• **What you have to do**: Using the data below, return word for word every line from the one holding "this 1280×1707 image." down to the one holding "this 2000×1500 image.". Leave pictures out.

(Records provided)

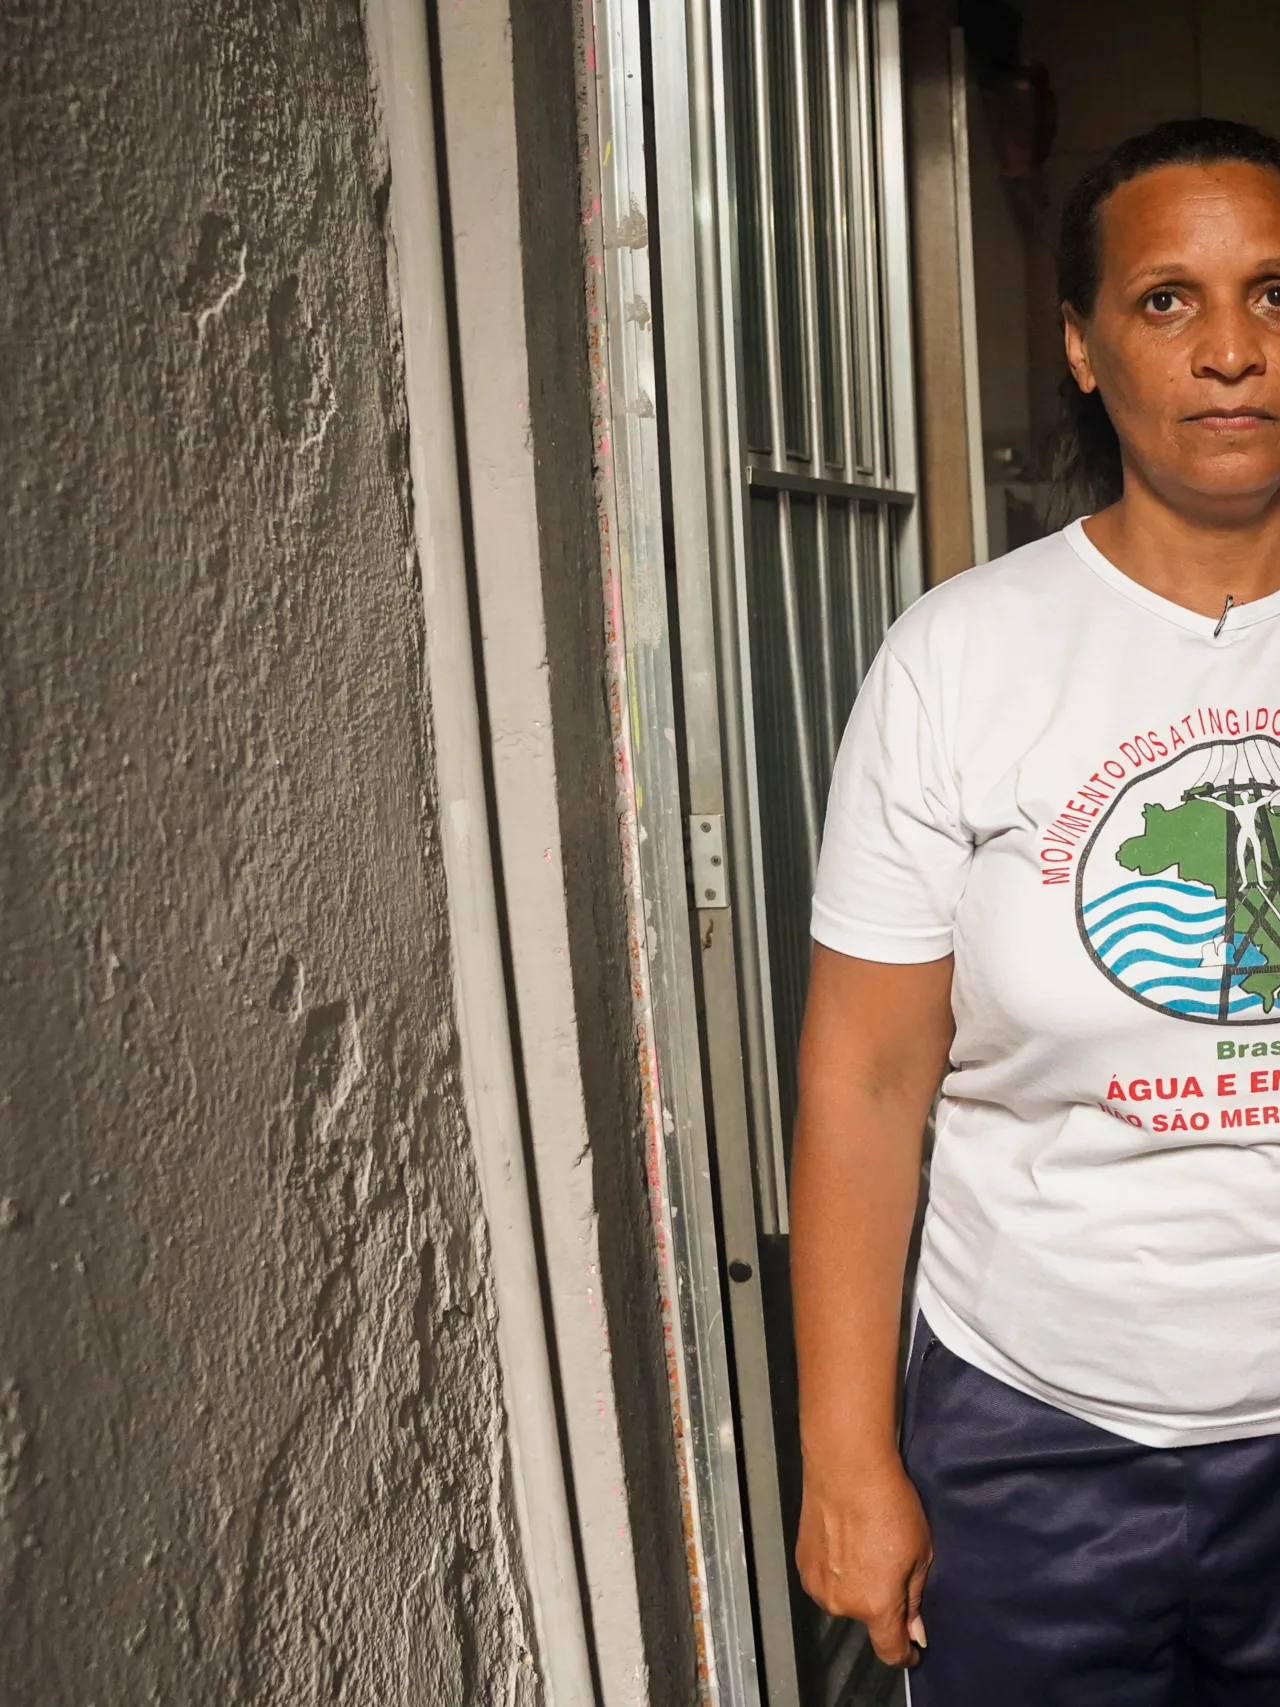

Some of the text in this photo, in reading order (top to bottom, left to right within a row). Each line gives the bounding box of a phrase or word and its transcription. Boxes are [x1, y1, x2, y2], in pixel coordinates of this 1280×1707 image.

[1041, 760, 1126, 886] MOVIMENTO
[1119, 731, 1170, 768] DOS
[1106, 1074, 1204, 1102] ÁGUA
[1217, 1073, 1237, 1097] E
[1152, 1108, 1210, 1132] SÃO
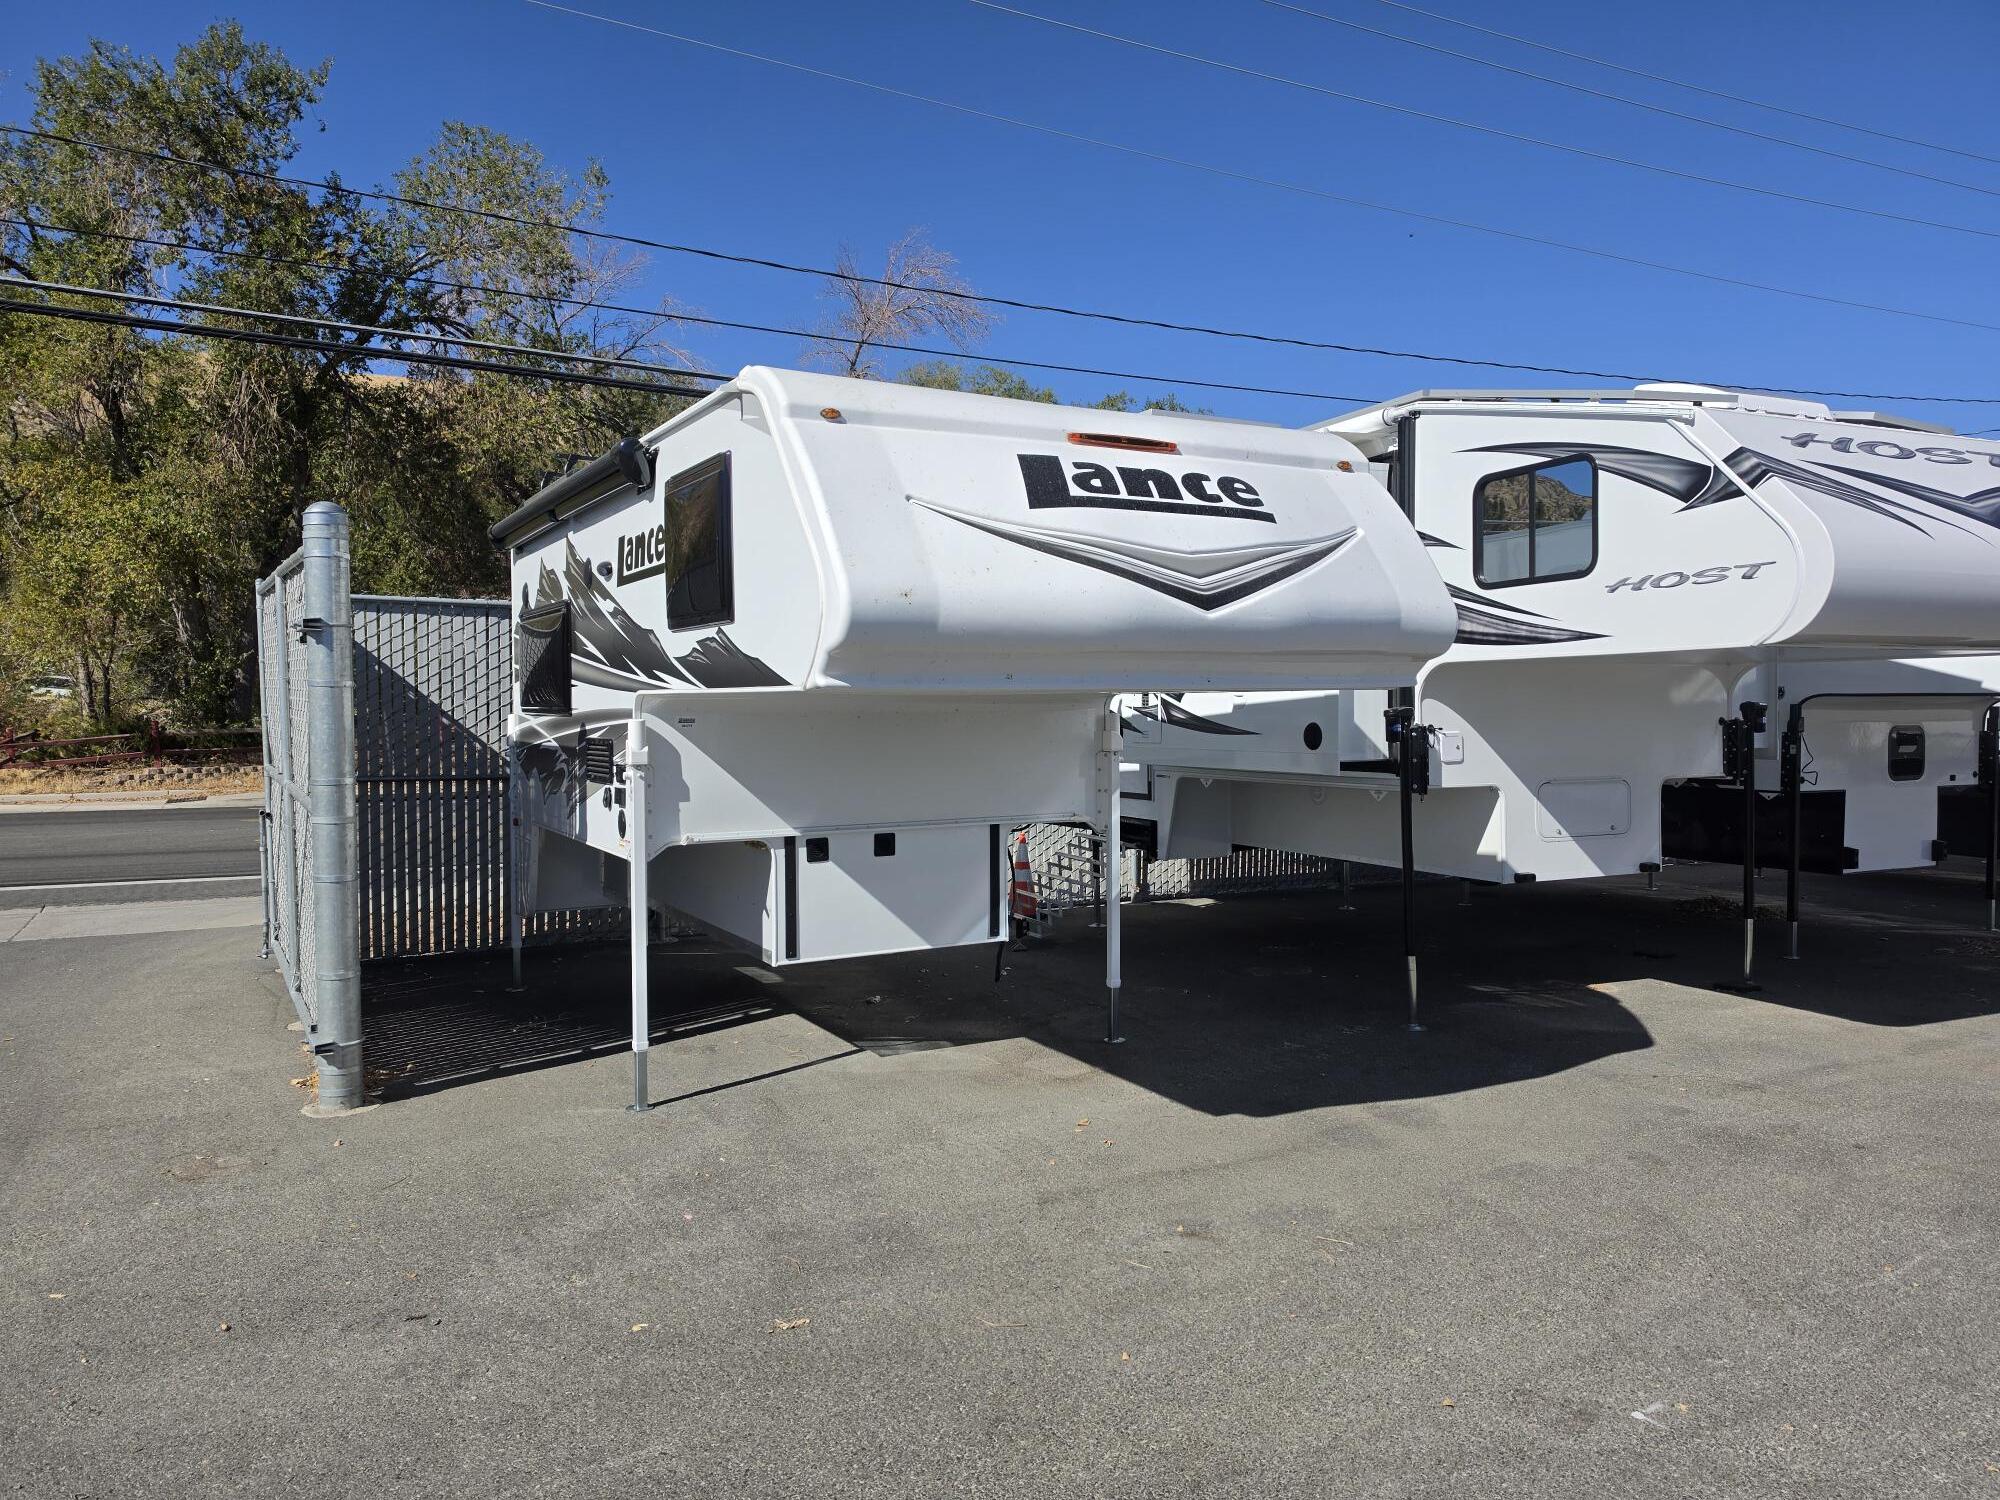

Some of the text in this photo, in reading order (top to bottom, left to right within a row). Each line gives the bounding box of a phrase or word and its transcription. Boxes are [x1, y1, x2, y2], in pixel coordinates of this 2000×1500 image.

(End Records provided)
(Records provided)

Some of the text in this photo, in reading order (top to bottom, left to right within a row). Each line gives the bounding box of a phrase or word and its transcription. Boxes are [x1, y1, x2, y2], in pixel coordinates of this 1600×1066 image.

(End Records provided)

• **Completed exercise**:
Some of the text in this photo, in reading order (top to bottom, left to right within a row). Each line gives the bounding box of a phrase or word and its transcription. Boxes are [x1, y1, x2, y2], in pixel coordinates of this 1280×1707 image.

[1041, 760, 1126, 886] MOVIMENTO
[1119, 731, 1170, 768] DOS
[1106, 1074, 1204, 1102] ÁGUA
[1217, 1073, 1237, 1097] E
[1152, 1108, 1210, 1132] SÃO

Some of the text in this photo, in reading order (top to bottom, left to right within a row). Each line gives the bounding box of a phrase or word and its transcription. Boxes are [x1, y1, x2, y2], in pixel coordinates of this 2000×1500 image.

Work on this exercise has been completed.